Task to carry out
Without the pictures, reproduce the records that follow exactly.
====== Data for review
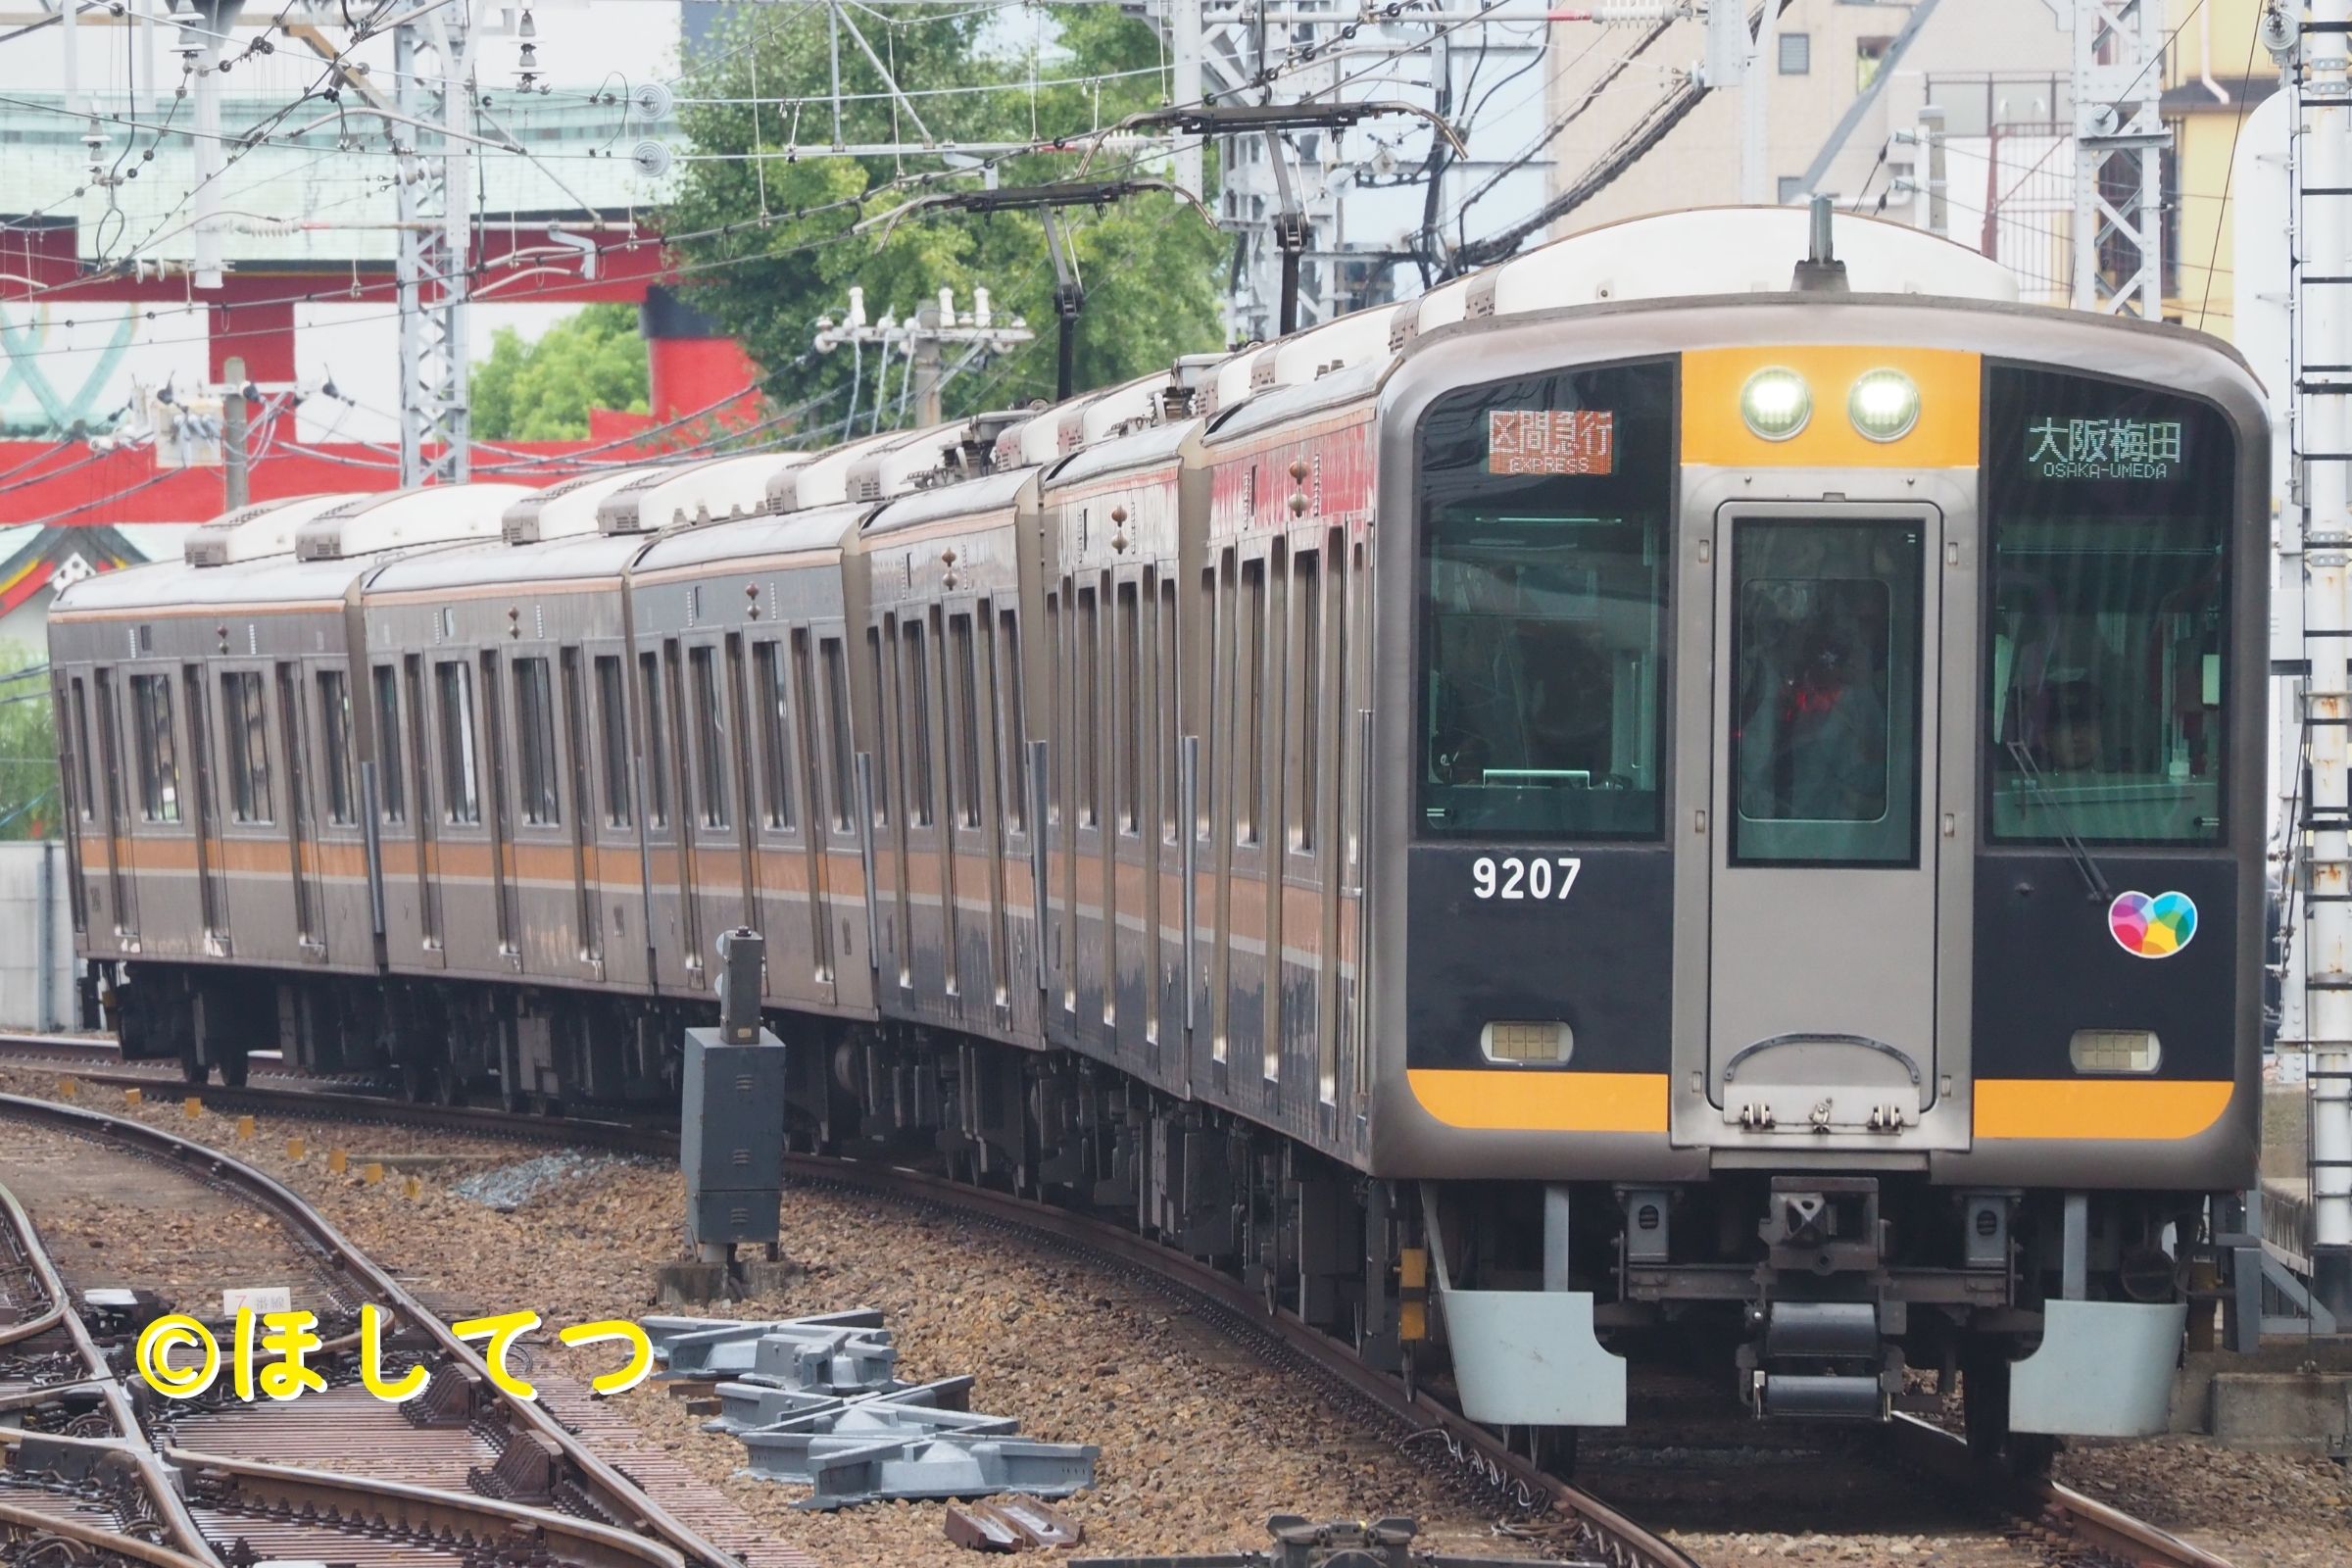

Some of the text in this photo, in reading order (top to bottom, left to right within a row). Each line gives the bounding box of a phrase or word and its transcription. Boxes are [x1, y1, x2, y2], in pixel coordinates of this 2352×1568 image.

[1490, 411, 1612, 455] 区間急行
[2029, 417, 2180, 463] 大阪梅田
[1510, 458, 1589, 472] EXPRESS
[2043, 463, 2167, 478] OSAKA-UMEDA
[1473, 858, 1581, 899] 9207
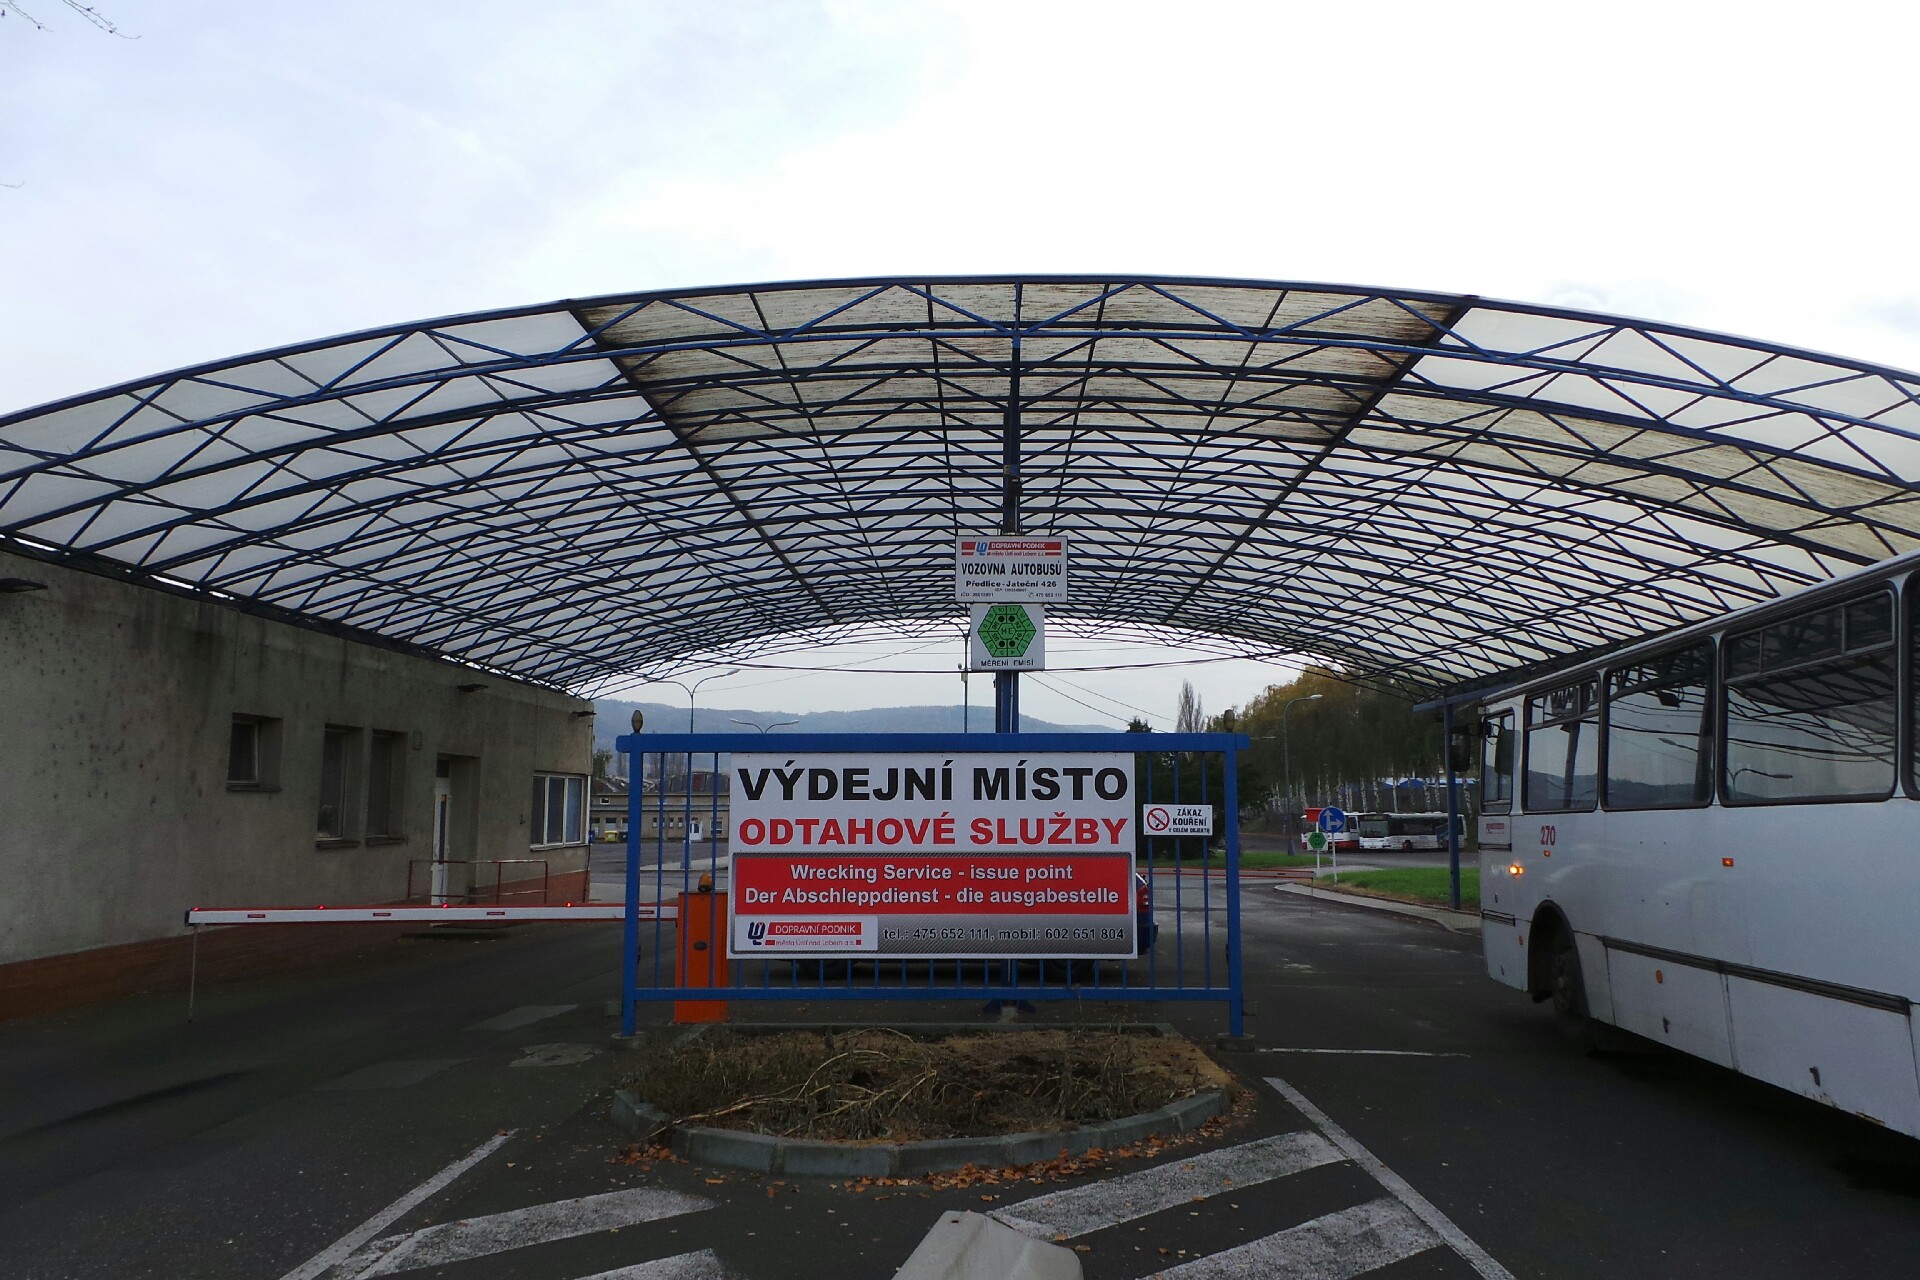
============
Answer box
Some of the text in this photo, in reading order (top to bottom, left to right within a row). Each line gives the bounding box of a phrase or word and its transcription. Boxes are [x1, y1, x2, y2], in pixel coordinates of this 2352×1568 image.

[1490, 411, 1612, 455] 区間急行
[2029, 417, 2180, 463] 大阪梅田
[1510, 458, 1589, 472] EXPRESS
[2043, 463, 2167, 478] OSAKA-UMEDA
[1473, 858, 1581, 899] 9207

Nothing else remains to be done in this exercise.